В средневековой онтологии речь идет, по мысли П.П. Гайденко, о «…предметах, входящих в мир повседневного опыта… Своеобразие этих предметов заключается в том, что человек их видит … Однако на самом деле вещи … о которых идет речь в системах средневековой онтологии, принципиально отличаются от предметов повседневного опыта… Предметы, выделяемые в актах восприятия, неопределимы, их характеристики размыты. Напротив, в онтологии все вещи … рассматриваются как обладающие строго определенными характеристиками, содержание которых может быть точно выражено с помощью понятий.» (Гайденко, Об исходных понятиях доктрины Фомы Аквинского.) Мы можем сказать, что средневековый субъект не столько «наступает» на объект, собирает его вокруг себя, сколько собирает сами понятия. Значит, ответим на вопрос об активности субъекта мы так: средневековый субъект занимает промежуточную позицию. По отношению к бытию он созерцатель, а не деятель, по отношению к понятиям он деятель. «Познание вещей означает прежде всего познание их сущности, их существенных характеристик…. Сущность вещи полностью доступна познанию, поскольку у сущности и понятия одна и та же структура; они отличаются только своим местопребыванием: сущности существуют в вещах, понятия – в уме человека. …» (ibid.)

 

1. Вопрос об основании.

“…никто не может положить иного основания, кроме положенного…” (1 Кор. 3:11)

«Nihil est sine ratione.»

«Ничего нет без основания»

M. Heidegger. Der Satz vom Grund.

            Вопрос об основании имеет, по меньшей мере, два истолкования. Одно – «В чем прочное основание (существования) этого конкретного сущего», а другое – «В чем достоверное основание этого (философского) знания». То есть, мы выделяем два типа основания:

основание как суб-страт,

основание как достоверность.

1.1. Обсуждался ли вопрос об абсолютной достоверности в до-декартовской мысли?

Греческая и средневековая метафизика искала ответа на вопрос: что есть сущее? Для грека космос был достаточно достоверен, и поиски более надежного основания не были популярны. Античность была далека от вопроса об основании в обоих смыслах. Средневековые философы все же занимались вопросом об основаниях по-своему, смешивая философию с теологией. Для схоласта достоверно спасение человека, так же как для философа Нового времени будет достоверен субъект.

 

Вопрос о достоверности познания (первый аспект основания) Фомой Аквинским решается просто: «Истинное имеет предустановленность к познанию. Ведь все, насколько имеет бытие, настолько и познаваемо.» (Сумма теологии, 16,3). Еще более решительно высказывается Фома относительно доступности нашему познанию вещей и понятий: «…формы актуально умопостигаемы только постольку, поскольку они отвлекаются от материи и условий ее [существования], и что они становятся актуально умопостигаемыми только благодаря некоторой силе познающей субстанции…». (О сущем и сущности, IV, 15)

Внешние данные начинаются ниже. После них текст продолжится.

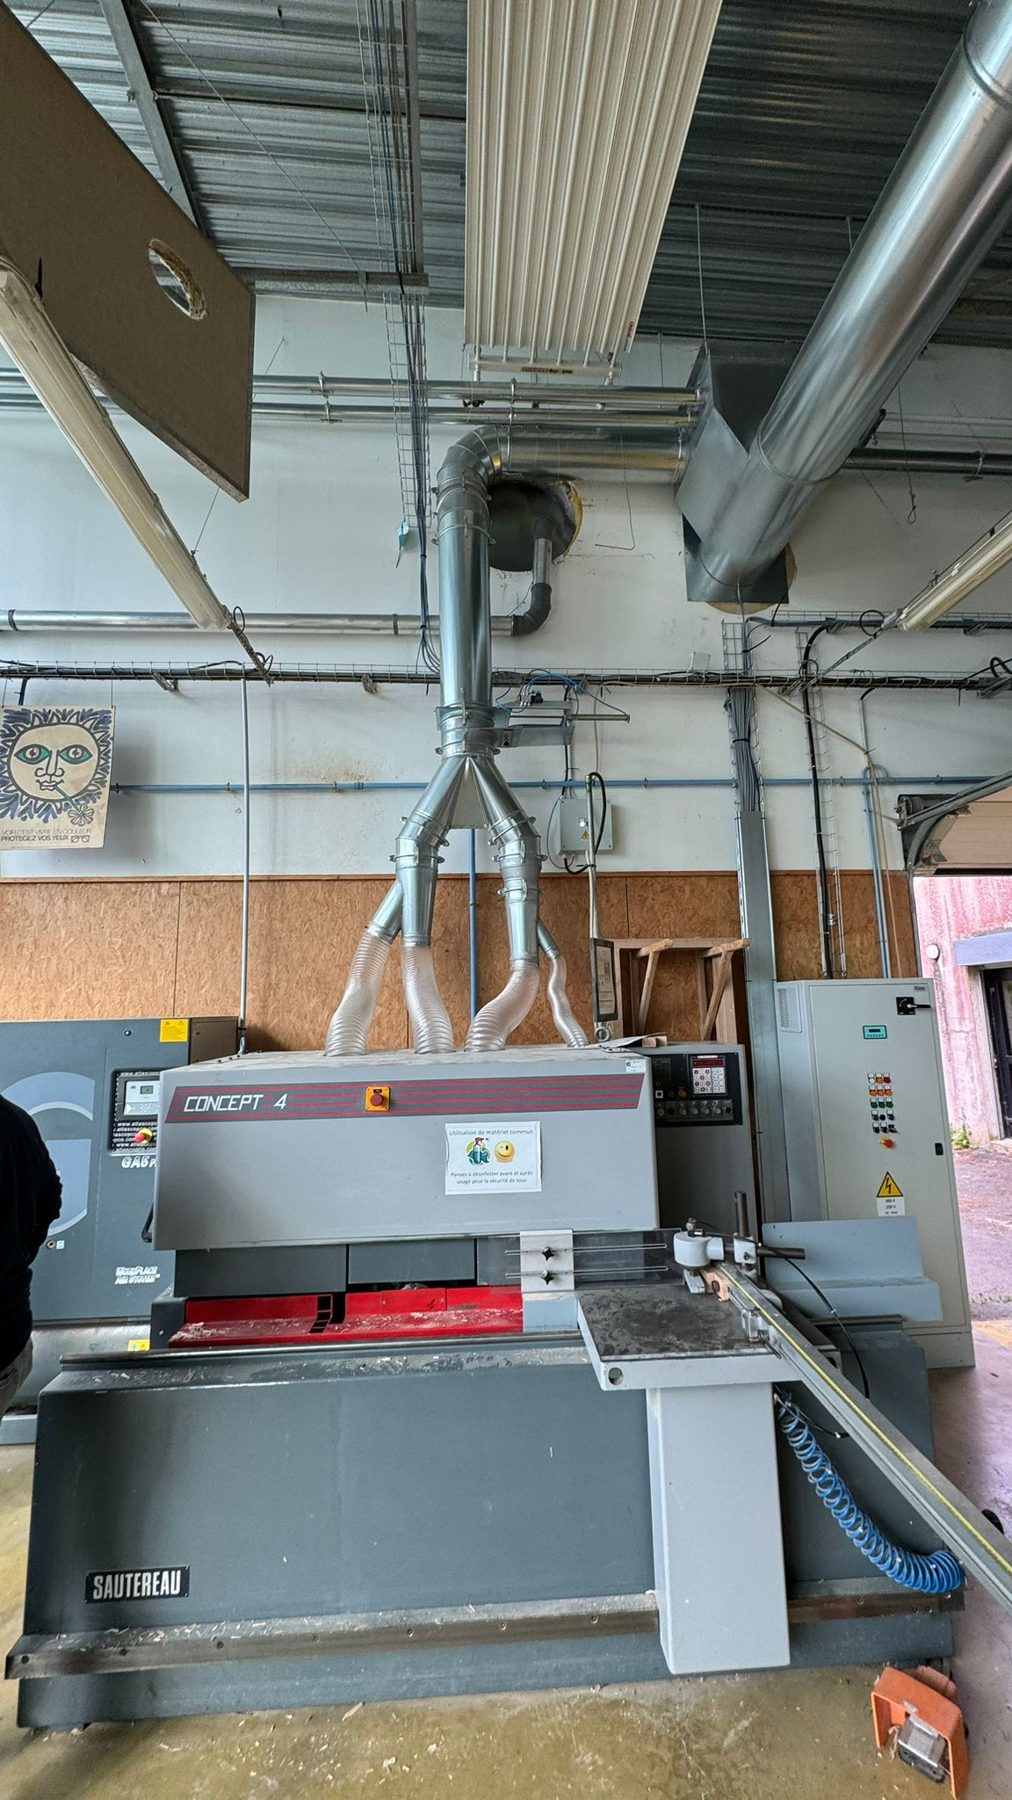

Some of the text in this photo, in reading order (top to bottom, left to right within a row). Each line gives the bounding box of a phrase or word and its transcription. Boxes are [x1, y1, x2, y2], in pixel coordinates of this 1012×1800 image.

[183, 1093, 288, 1112] CONCEPT 4
[93, 1570, 181, 1599] SAUTEREAU

Намеки на разбор вопроса об абсолютной  достоверности субъекта можно также найти у Фомы. Он пишет про «простые субстанции», к которым относится то, что состоит из формы, а не формы и материи. Среди них он рассматривает «интеллигенции», то есть разумные субстанции. Вывод Фомы: бытие интеллигенции не следует из ее чтойности. Поэтому нельзя сказать, что Фома пришел к выводу cogito ergo sum Августина или Декарта.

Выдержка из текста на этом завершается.